Alt rektum kanserlerinde sfinkter koruyucu cerrahi en çok tartışılan konulardan biridir. Günümüzde çeşitli teknik olanaklar nedeni ile sfinkterleri pek çok hasta için korumak olanaklı hale gelmiştir. Önemli olan hastanın dışkılama fonksiyonlarını korumaya çalışırken onkolojik ilkelerden taviz vererek lokal nüks ve uzak metastaz riskini artırmamaktır.
Alt rektum kanserinde geleneksel cerrahi yöntem abdominoperineal rezeksiyondur (APR). Bu ameliyatta anal kanal da çıkarılır. Sfinkter koruyucu cerrahi bazı tekniklerle anal kanalın çıkarılmadan rektum tümörünün çıkarılmasına izin vermektedir.
Çok aşağı yerleşimli ve/veya anal kanala uzanan rektum kanserlerinin tedavisinde distal sınırın 1 cm’nin üzerinde olmasının yeterli olduğunun gösterilmesinden sonra sfinkter koruyucu cerrahi teknikler; intersfinkterik rezeksiyon (İSR) ve koloanal anastomoz APR’ye alternatif bir yöntem haline gelmiştir.
Tüm serilerde gösterilememesine karşın bazı çalışmalarda, aşağı yerleşimli rektum kanserlerinde preoperatif kemoradyoterapi (KRT) ile sfinkter koruyucu cerrahi yapılabilirliği arttırılmıştır. Dentat çizgiden 3 cm daha yukarıda yerleşmiş ve sfinkter kompleksi tutulmamış olgulara aşağı anterior rezeksiyon yapmak ve anastomozu çift stapler tekniği ile gerçekleştirmek mümkün olmaktadır. Daha aşağı yerleşimli tümörlerde ise sfinkter koruyucu teknikler uygulanabilir. İSR genellikle dentat çizgiden 1.5-3.0 cm daha yukarıdaki tümörlere uygulanır.

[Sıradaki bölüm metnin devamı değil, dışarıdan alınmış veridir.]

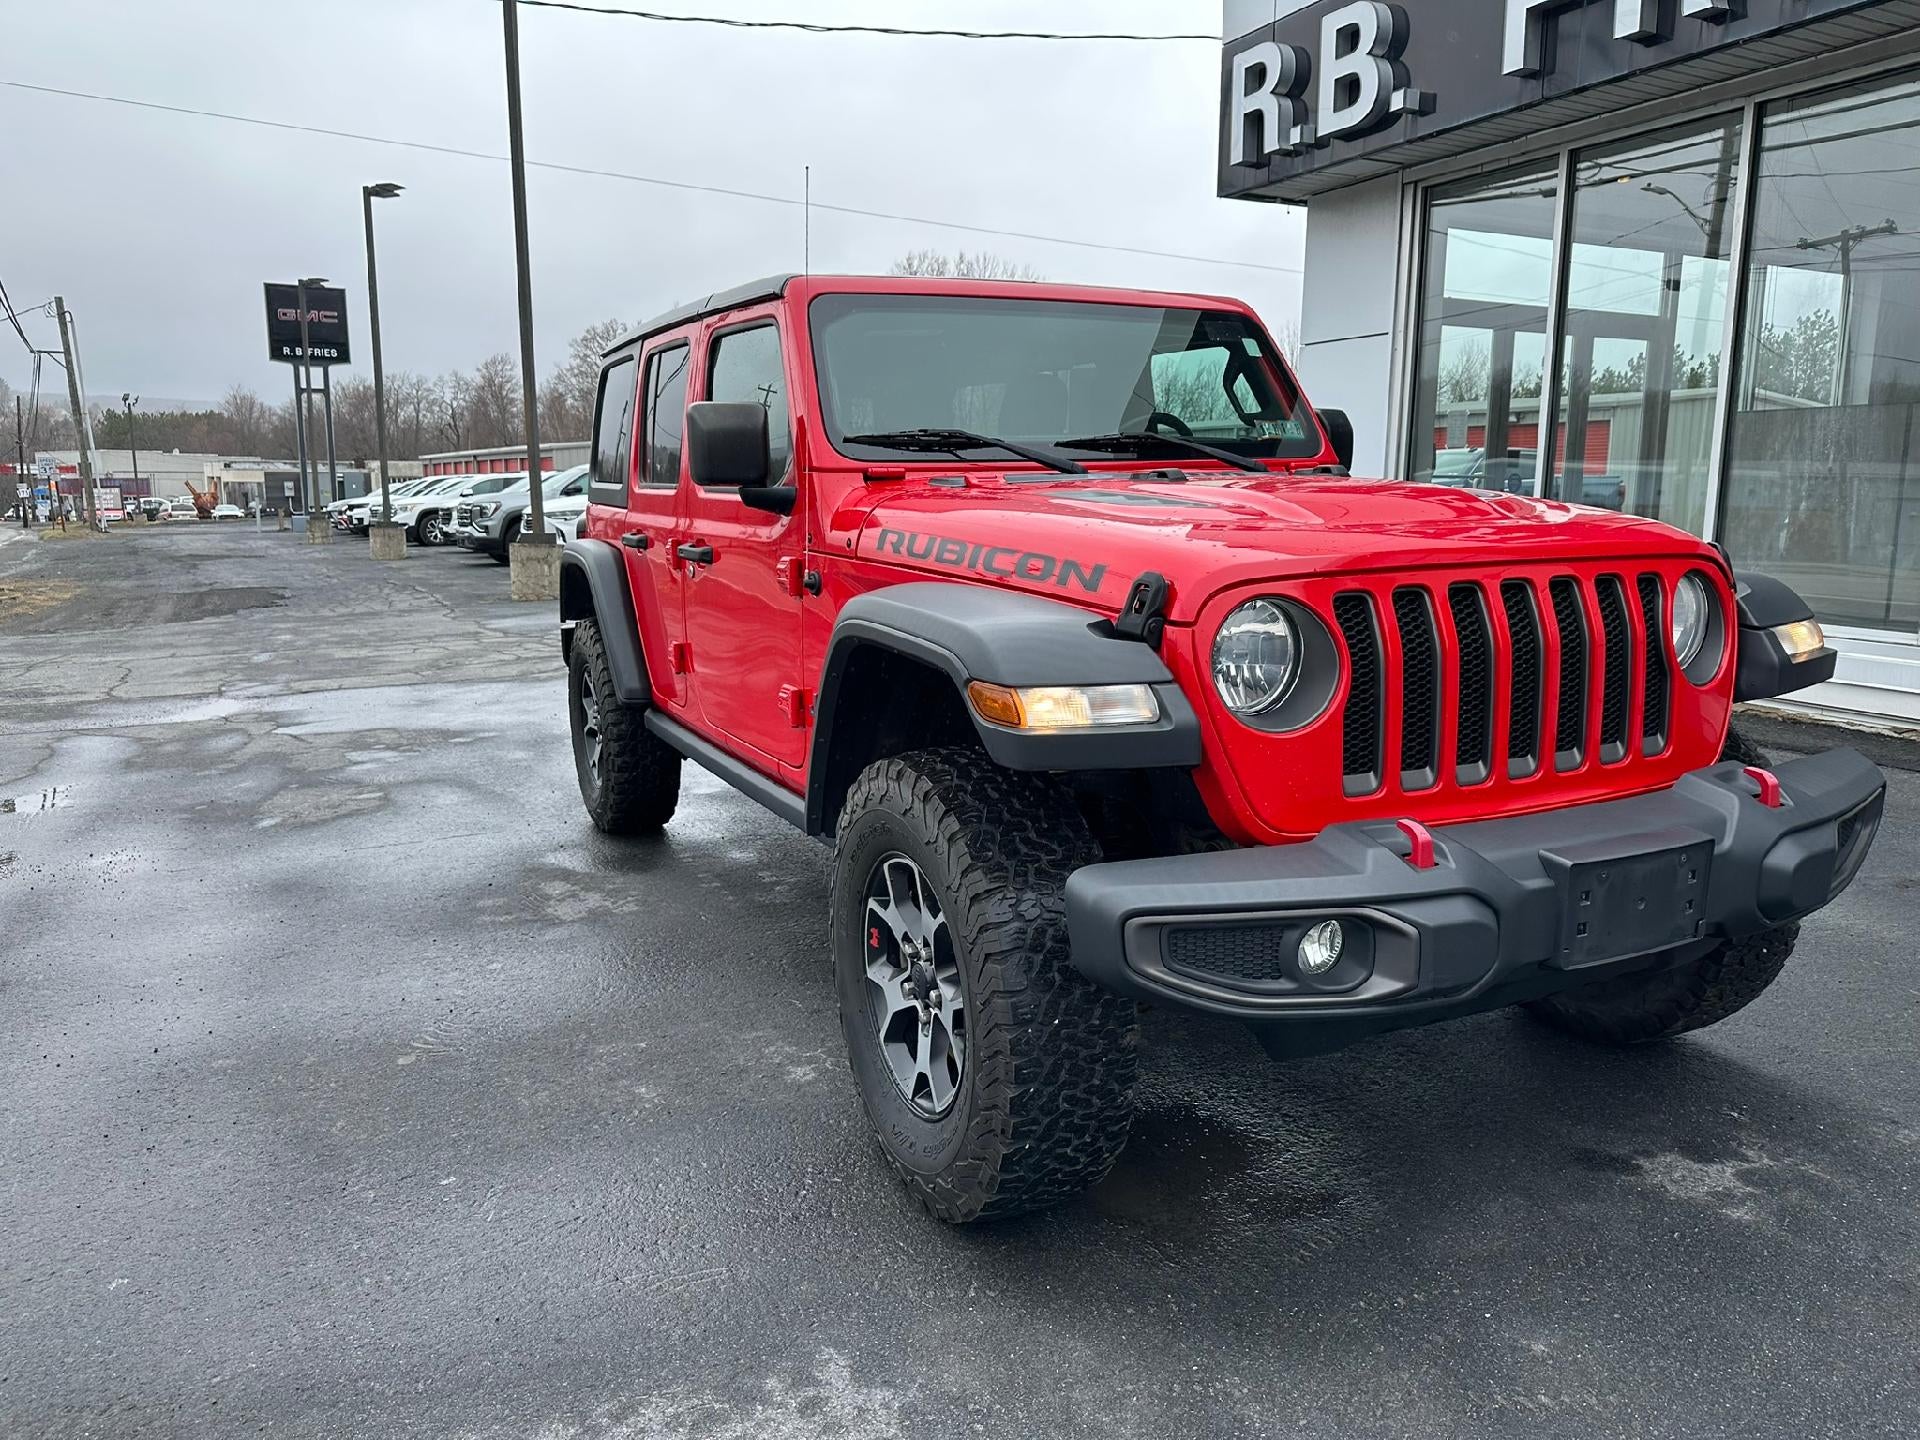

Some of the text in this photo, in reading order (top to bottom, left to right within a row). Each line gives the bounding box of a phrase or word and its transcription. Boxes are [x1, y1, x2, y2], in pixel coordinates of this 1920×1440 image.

[277, 308, 338, 323] GMC
[283, 346, 338, 357] R. B FRIES
[876, 528, 1108, 592] RUBICON

Ancak İSR’nin dentat çizgiden 0.5-1.5 cm daha yukarıdaki tümörlere de uygulanabildiği bildirilmiştir. Tümörün ne kadar altına inilerek temiz sınır sağlanacağı konusunda tam bir uzlaşma yoksa da genellikle 1-2 cm distal sınır yeterli bulunmaktadır.
Diğer bir tartışma konusu da ne kadar sfinkter tutulumunun (lokal invazyonun) İSR için kabul edilebilir olduğudur. Bazıları internal sfinkter tutumu olduğunda İSR uygulayabildiklerini öne sürerler.
Bir grup, eksternal sfinkter tutulumunu İSR için kontrendikasyon kabul eder. Diğerleri ise pelvik taban kaslarının tutulumunu kontrendikasyon olarak kabul ederler. İSR endikasyonu konulmadan önce dikkatli bir fizik muayene yanı sıra endoanal ultrasonografi (ERUS), endorektal-coil manyetik rezonans (ERC-MR), pelvik manyetik rezonans (MR) görüntüleme yöntemlerini kullanmak önemlidir. Lokal ileri tümörlerde, preoperatif KRT ile tümörde evre gerileme ve boyutsal küçülme sağlanan hastalarda İSR yapılabilmektedir.
Neoadjuvan tedavi alan hastalarda cerrahiden önce yeni görüntülemeler yaparak tümörü tekrar değerlendirmek çok yararlı olur. Bazı olgularda ameliyat sırasında “frozen section” göndererek temiz sınır elde edildiğinden emin olmak gerekebilir.